The power of words and artists at work

On Thursday 7th March we celebrated World Book Day. Each of us dressed as a word to celebrate our rich and varied vocabulary.  We wrote a definition for our chosen word and thought about synonyms and antonyms too. The creativity and imagination was incredible. We took great delight in strutting down the aisle during the whole school vocabulary parade. What a truly tremendous effort! Words in Willow Class included: rebellious, jovial, injured, nocturnal, juxtaposition, athletic, unique, spaghettification, discombobulated, swagger, blushing, crazy, sleepy, somnolent, nefarious, potato, artist, fancy, puzzled and incognito.

Mr. Dave Willett, one of our lovely Governors, visited us earlier in the week to share his love of reading. He read from one of his all time favourite books and we had to try to work out the character being described. After lots of clues including long black cloak, shiny black hair, white shirt and cane, we agreed it was Lucifer! It was a dramatic extract, read brilliantly and enjoyed by us all. Mr. Willett is a great ambassador for reading and he spoke passionately about the impact books have had on his life. Thank you for sharing this love of reading with us, Mr. Willett. It is always such a pleasure to be read to.

This year the National Gallery in London celebrates its Bicentenary – 200 years of bringing people and paintings together. It houses some of the world’s greatest paintings and is free to visit. On Tuesday, we had the wonderful opportunity of working with the National Gallery for an online workshop.  Our session was all about the works of Claude Monet, a French Impressionist painter, and his use of colour. Many of the paintings in the National Gallery are very old. We can see this by the scenes depicted in the paintings. The clues are often the clothes worn by the people in the paintings and the subject matter. Paint in tubes was not available until the start of the 1900s and many of the paints for these pictures used pigment from nature (berries, bugs and beetles, precious stones such as lapis lazuli and even cows’ urine!).

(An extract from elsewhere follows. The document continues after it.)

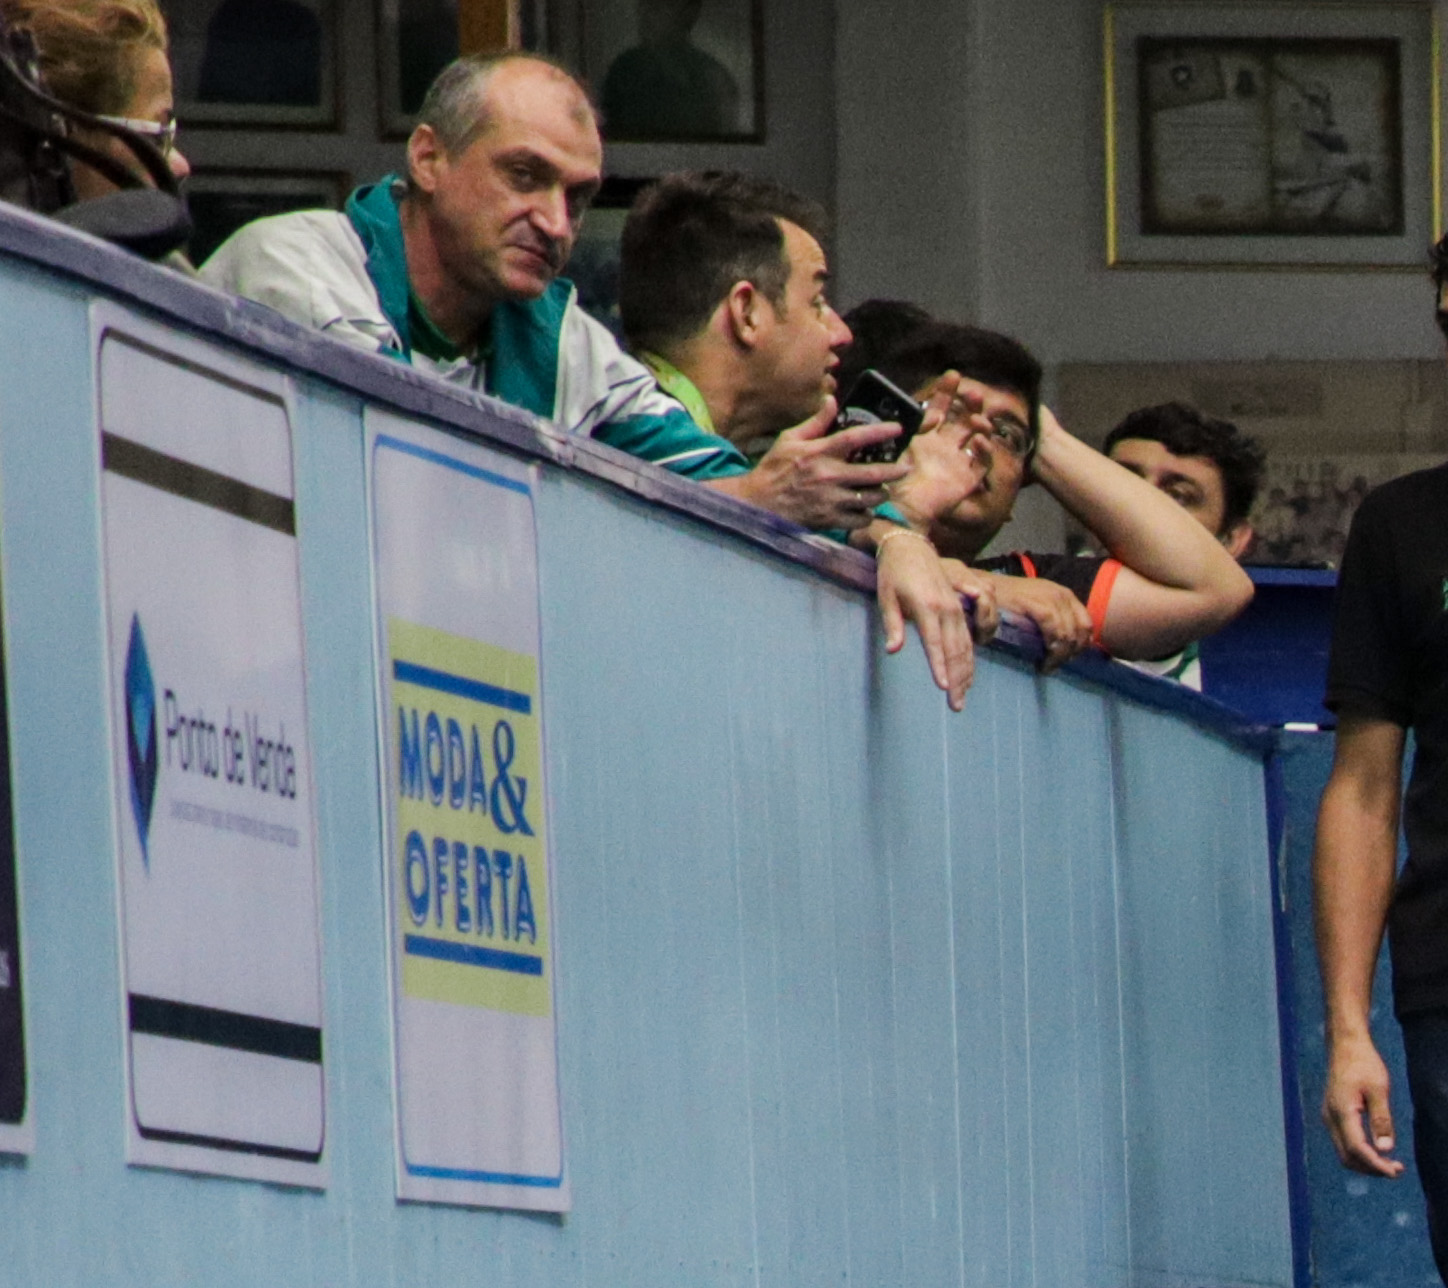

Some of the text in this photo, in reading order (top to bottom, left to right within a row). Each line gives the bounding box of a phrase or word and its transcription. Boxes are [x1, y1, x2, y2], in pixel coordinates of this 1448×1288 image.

We looked closely at one of Monet’s paintings to really understand his processes and the tools he used. Monet was predominantly interested in the following three things when painting: colour, light and nature.

Did you know that Monet only ever used 9 colours in his paintings and he never used black? So it is no surprise that colour mixing was a huge part of Monet’s work. We explored colour through the use of the Primary colours – red, blue and yellow and used these three colours to make different shades and create different effects. How many different shades of green do you think you could make just using yellow and blue?

We tried using some of the mark making techniques used by Monet. Straight lines, curved lines, dashes, scumbling, cross hatching, stippling were just some of the marks we tried with the Primary colours. What a wonderful way to spend an afternoon!

To help mark International Women’s Day, on Friday we went ‘shopping’ for special gifts for our special mums. Gifts were carefully chosen and parceled up. This Sunday, we look forward to treating our mums and saying a big thank you to them for all they do for us.

Have a lovely weekend.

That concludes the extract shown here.